The film stars Andrew Shim as Romeo Brass, Ben Marshall as Gavin Woolley and Paddy Considine as Morell. It marked the screen debut of Vicky McClure and Considine, the latter of whom went on to star in Meadows' 2004 film, Dead Man's Shoes. It was nominated in three categories at the 1999 British Independent Film Awards.

Plot
12-year-old boys Romeo Brass and Gavin Woolley have been best friends and neighbours for most of their lives. Gavin suffers from a back injury which causes him to be bullied by other boys, while Romeo is quick to step in and defend him. One day Gavin is confronted by two boys, Romeo intervenes and things turn violent. Gavin's injury prevents him from assisting his friend.

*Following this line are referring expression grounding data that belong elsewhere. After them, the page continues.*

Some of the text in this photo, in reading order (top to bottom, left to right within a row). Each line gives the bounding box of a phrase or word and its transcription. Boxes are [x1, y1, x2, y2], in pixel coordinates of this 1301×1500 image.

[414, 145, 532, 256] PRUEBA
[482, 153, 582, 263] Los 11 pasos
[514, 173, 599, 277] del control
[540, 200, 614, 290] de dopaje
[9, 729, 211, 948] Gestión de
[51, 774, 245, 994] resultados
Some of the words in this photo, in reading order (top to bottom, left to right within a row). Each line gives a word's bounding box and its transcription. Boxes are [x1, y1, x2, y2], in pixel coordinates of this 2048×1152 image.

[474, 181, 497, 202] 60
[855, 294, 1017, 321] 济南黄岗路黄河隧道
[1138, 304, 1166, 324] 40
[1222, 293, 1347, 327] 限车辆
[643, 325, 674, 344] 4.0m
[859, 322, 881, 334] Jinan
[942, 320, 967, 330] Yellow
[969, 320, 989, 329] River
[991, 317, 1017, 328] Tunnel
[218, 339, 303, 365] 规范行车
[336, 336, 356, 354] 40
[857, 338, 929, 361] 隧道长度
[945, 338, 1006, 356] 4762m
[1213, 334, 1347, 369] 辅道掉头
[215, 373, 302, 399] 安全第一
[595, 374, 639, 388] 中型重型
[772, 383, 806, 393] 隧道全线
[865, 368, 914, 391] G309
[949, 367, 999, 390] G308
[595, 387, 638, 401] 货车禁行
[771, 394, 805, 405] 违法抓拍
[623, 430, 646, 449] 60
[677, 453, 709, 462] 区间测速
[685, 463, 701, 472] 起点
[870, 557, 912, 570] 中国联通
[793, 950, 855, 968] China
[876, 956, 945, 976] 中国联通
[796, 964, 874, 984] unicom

During the fight Gavin spots Morell, who is a few years older, and calls to him for help. Morell chases the two boys off and then drives Romeo and Gavin back home. Romeo's family notice that Morell's behaviour is a little unusual. Morell develops an immediate attraction toward Romeo's sister Ladine and seeks Romeo's advice about asking her out. Gavin plays a prank on Morell which results in him humiliating himself. Morell goes to the shop where Ladine works to apologise and ask her out again; she accepts out of pity.

The next day, Morell encourages the boys to miss school and accompany him to the beach. When Romeo goes to buy ice cream, Morell confronts Gavin about the prank that he pulled and viciously threatens him with what will happen if he ever tries to do it again.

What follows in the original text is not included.